SWA.CO.ID, JAKARTA -- Kemenperin terus memacu IKM perhiasan untuk bergeliat selama COVID-19. Sektor ini dinilai mampu memberikan kontribusi signifikan bagi perekonomian nasional melalui capaian nilai ekspornya.
Direktur Jenderal Industri Kecil, Menengah dan Aneka (IKMA) Kemenperin, Gati Wibawaningsih mengatakan IKM perhiasan menjadi sektor yang dikembangkan supaya tetap eksis di saat pandemi. Perhiasan merupakan salah satu komoditas ekspor unggulan bagi Indonesia karena sumbangsihnya selama ini dapat mendongkrak nilai ekspor industri pengolahan nonmigas, yakni sebesar 1,55% sepanjang tahun 2019. Total ekspor sektor industri pada tahun lalu mencapai US$ 126,57 miliar. Pada triwulan I tahun 2020, kontribusinya mencapai US$ 284,9juta. Bahkan selama lima tahun terakhir (2015-2019), neraca perdagangan perhiasan terjadi surplus setiap tahunnya.
“Total perdagangan perhiasan pada tahun 2019 sebesar US$ 2,073 miliar, terdiri dari ekspor yang menembus hingga US$ 1,957 miliar. Tahun lalu, terjadi surplus USD1,842 miliar,” imbuh Gati.
Guna membangkitkan kembali geliat sektor industri di tanah air, pemerintah telah memberikan berbagai kebijakan strategis dalam upaya mendukung sektor manufaktur, termasuk IKM. Misalnya, pemberian stimulus fiskal mengenai keringanan pajak dan program restrukturisasi kredit. Selain itu Kemenperin telah mengusulkan skema stimulus fiskal untuk penurunan biaya dan menambah pembiayaan modal kerja sebagai bagian dari program Pemulihan Ekonomi Nasional (PEN).
Di samping itu, Ditjen IKMA Kemenperin sedang bekerja sama dengan beberapa online marketplace untuk memkampanyekan produk-produk lokal guna mendorong penjualan pelaku usaha dan IKM, termasuk produk emas dan perhiasan.

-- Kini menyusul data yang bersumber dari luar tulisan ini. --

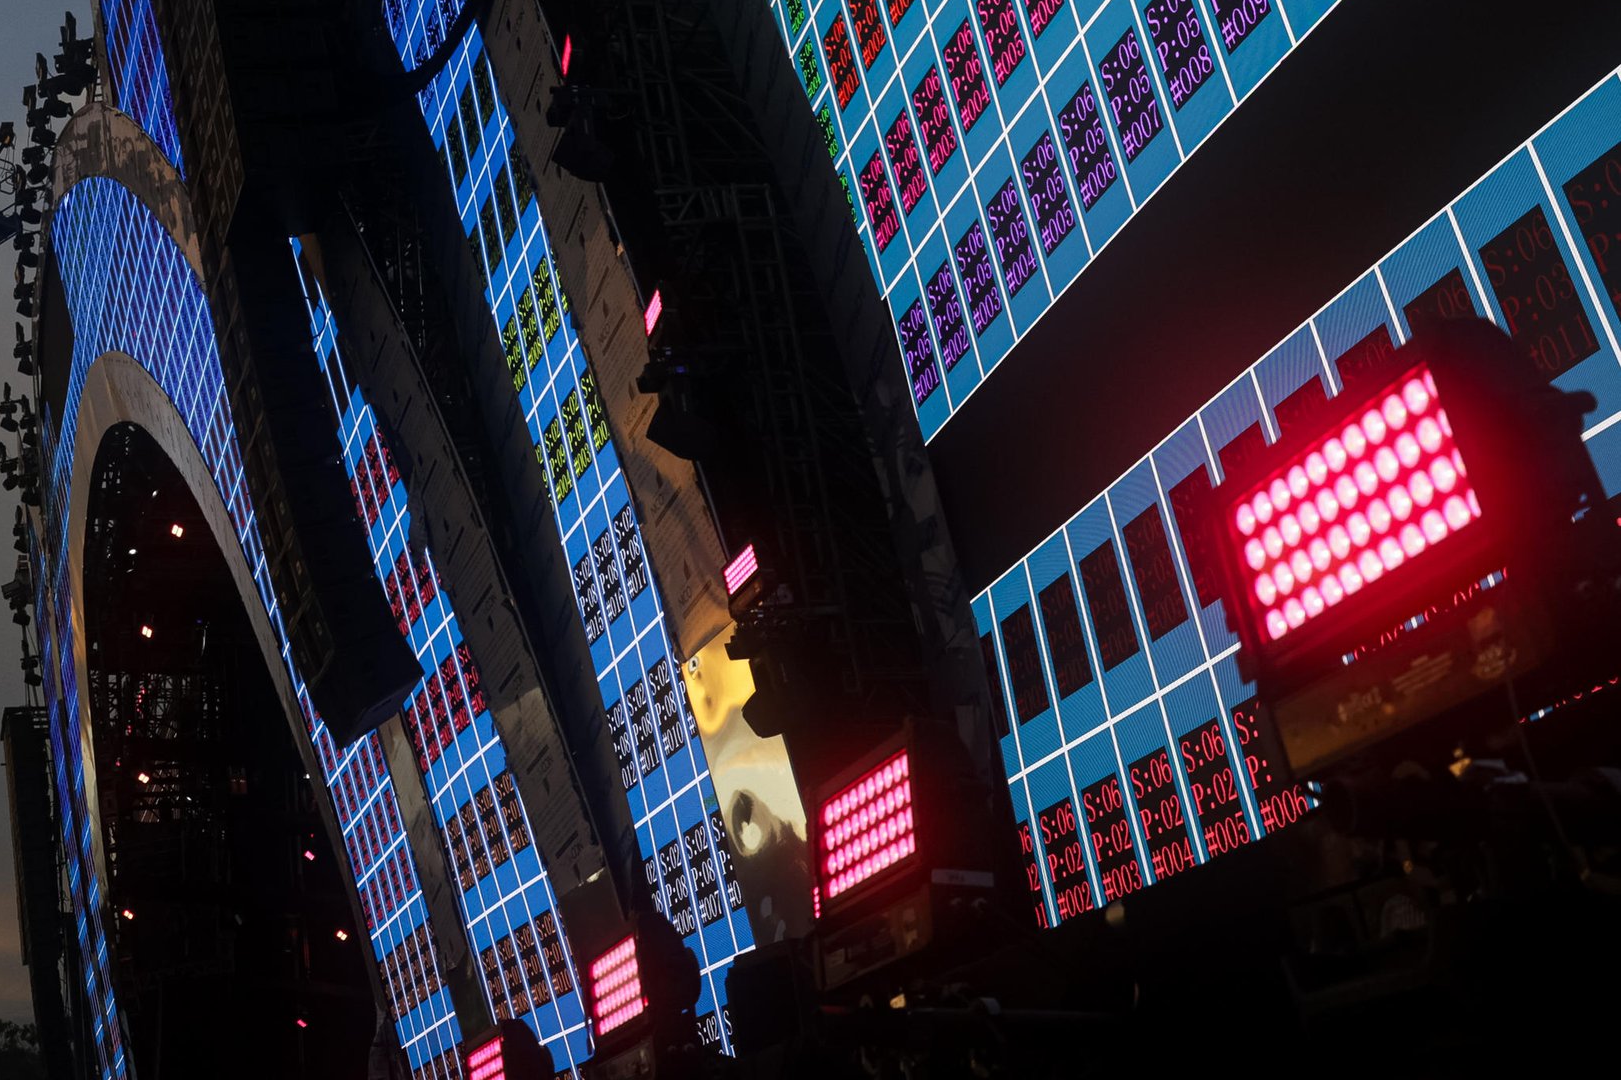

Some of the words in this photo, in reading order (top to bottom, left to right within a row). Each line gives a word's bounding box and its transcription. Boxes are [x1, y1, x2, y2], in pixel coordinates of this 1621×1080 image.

Ketua Asosiasi Produsen Perhiasan Indonesia (APPI) Eddy Susanto Yahya mengemukakan, penjualan perhiasan emas di pasar domestik turun drastis hingga 90% pada April 2020. Ini merupakan penjualan bulanan terendah sejak krisis moneter tahun 1998. Memasuki Mei 2020 atau bertepatan dengan bulan Ramadan, penjualan sedikit meningkat dibandingkan bulan April dengan rata-rata kenaikan 50%.

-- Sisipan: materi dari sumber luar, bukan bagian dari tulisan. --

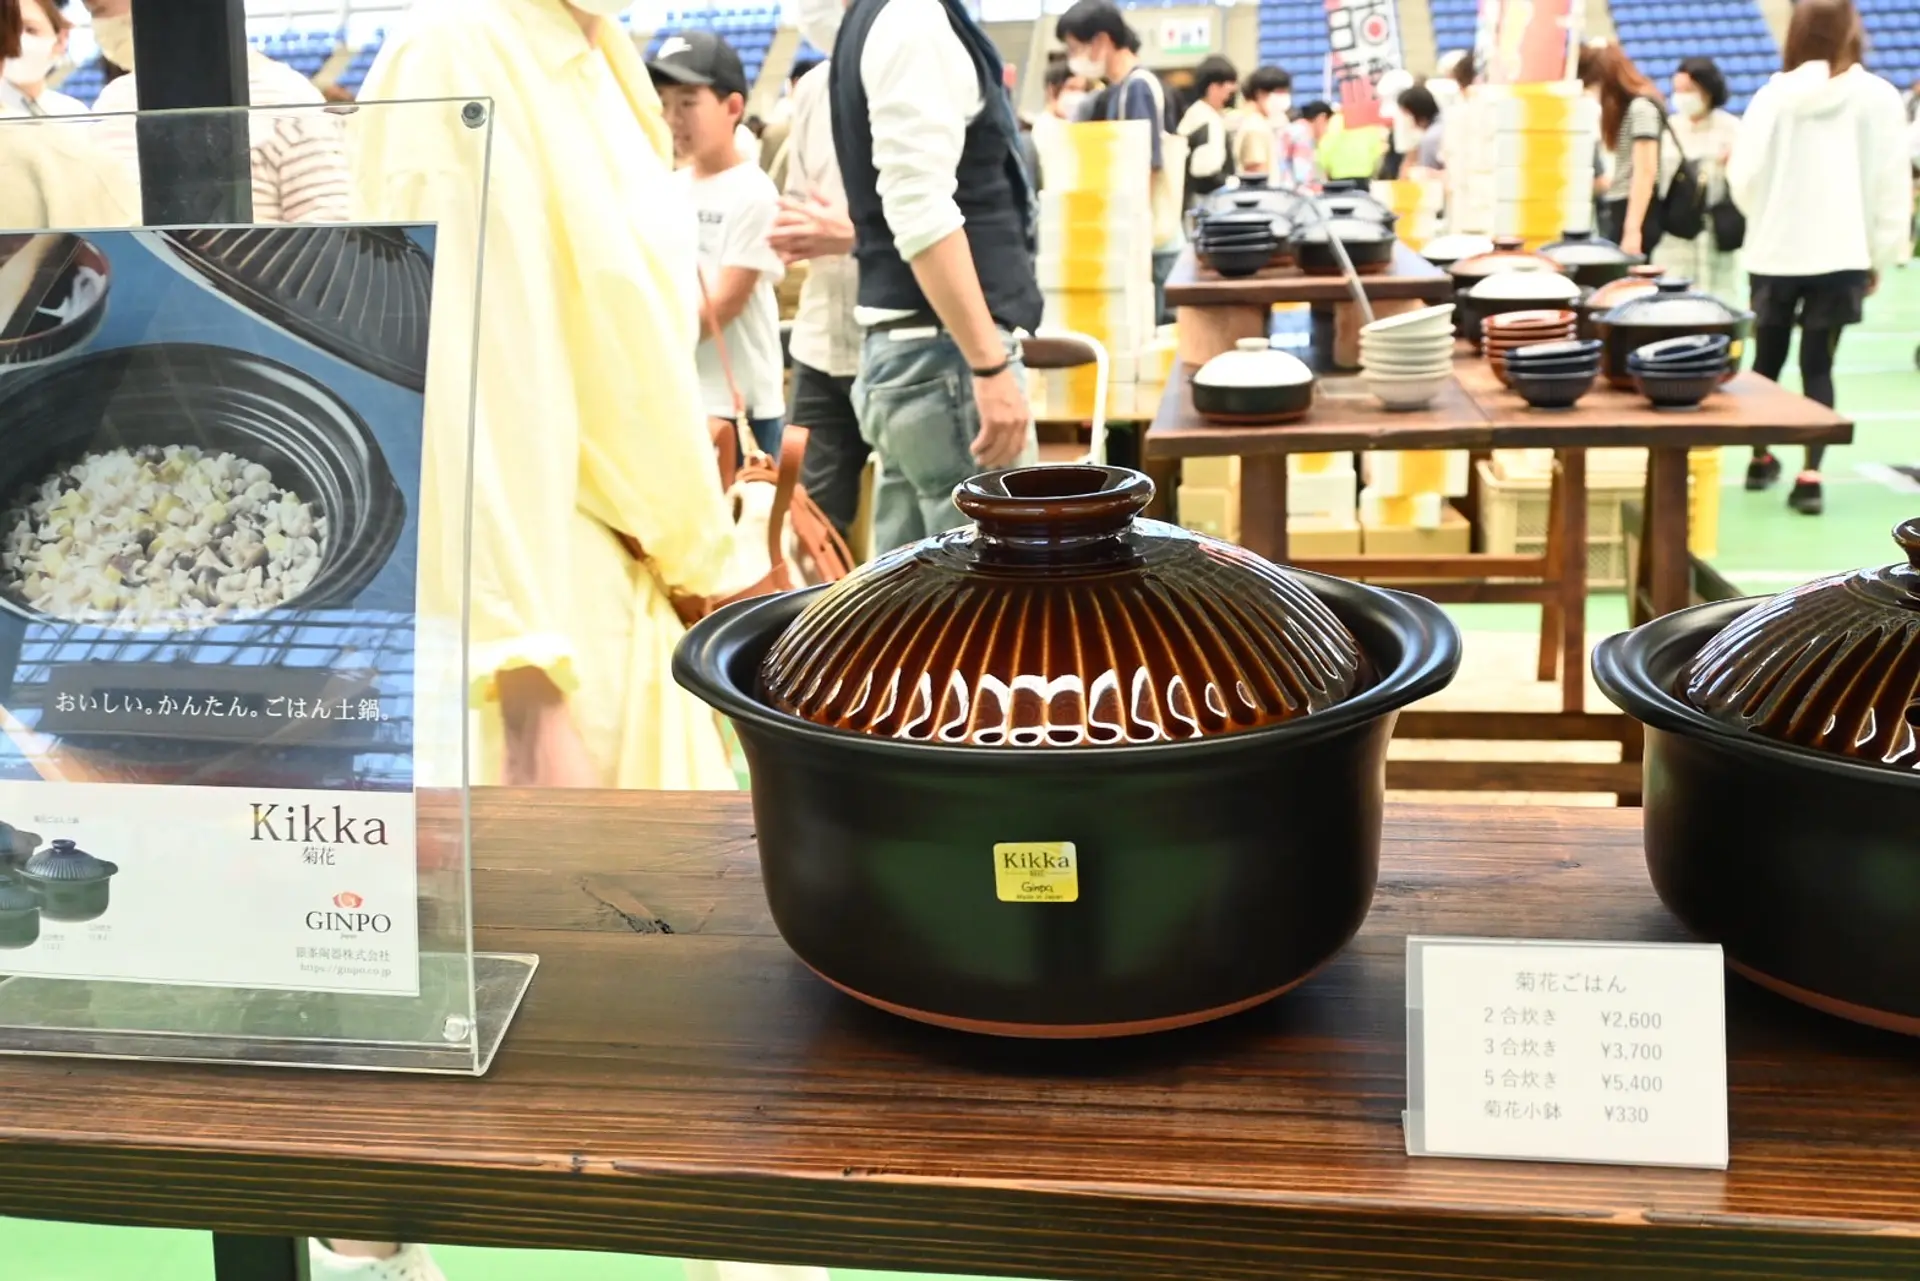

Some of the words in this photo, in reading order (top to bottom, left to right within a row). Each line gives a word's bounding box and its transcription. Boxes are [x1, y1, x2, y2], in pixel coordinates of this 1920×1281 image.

[249, 803, 388, 845] Kikka
[302, 846, 336, 866] 菊花
[1004, 852, 1070, 868] Kikka
[305, 910, 392, 933] GINPO
[1515, 971, 1627, 993] 菊花ごはん
[1600, 1011, 1662, 1029] ¥2,600
[1600, 1042, 1662, 1060] ¥3,700
[1600, 1074, 1663, 1092] ¥5,400
[1604, 1105, 1649, 1123] ¥330

“Konsumen masih dapat membeli lewat toko emas yang menyediakan layanan online atau yang tetap masih buka secara fisik namun menerapkan protokol Covid-19 yang sangat ketat,” tuturnya.
Eddy menambahkan, kondisi pasar ekspor produk perhiasan emas tidak jauh berbeda dengan pasar domestik. Pada bulan April adalah puncak kemerosotan penjualan perhiasan akibat negara tujuan ekspor emas dan perhiasan di-lockdown.
Eddy menyebut memasuki bulan Mei, ada beberapa negara yang telah mulai membuka pasar, seperti Hong Kong, Korea, Jepang, dan Amerika Serikat. Beberapa produsen perhiasan anggota APPI mulai dapat mengirim pesanan meski masih sedikit. Namun demikian, penjualan di bulan Mei naik sebesar 50% dibandingkan bulan April.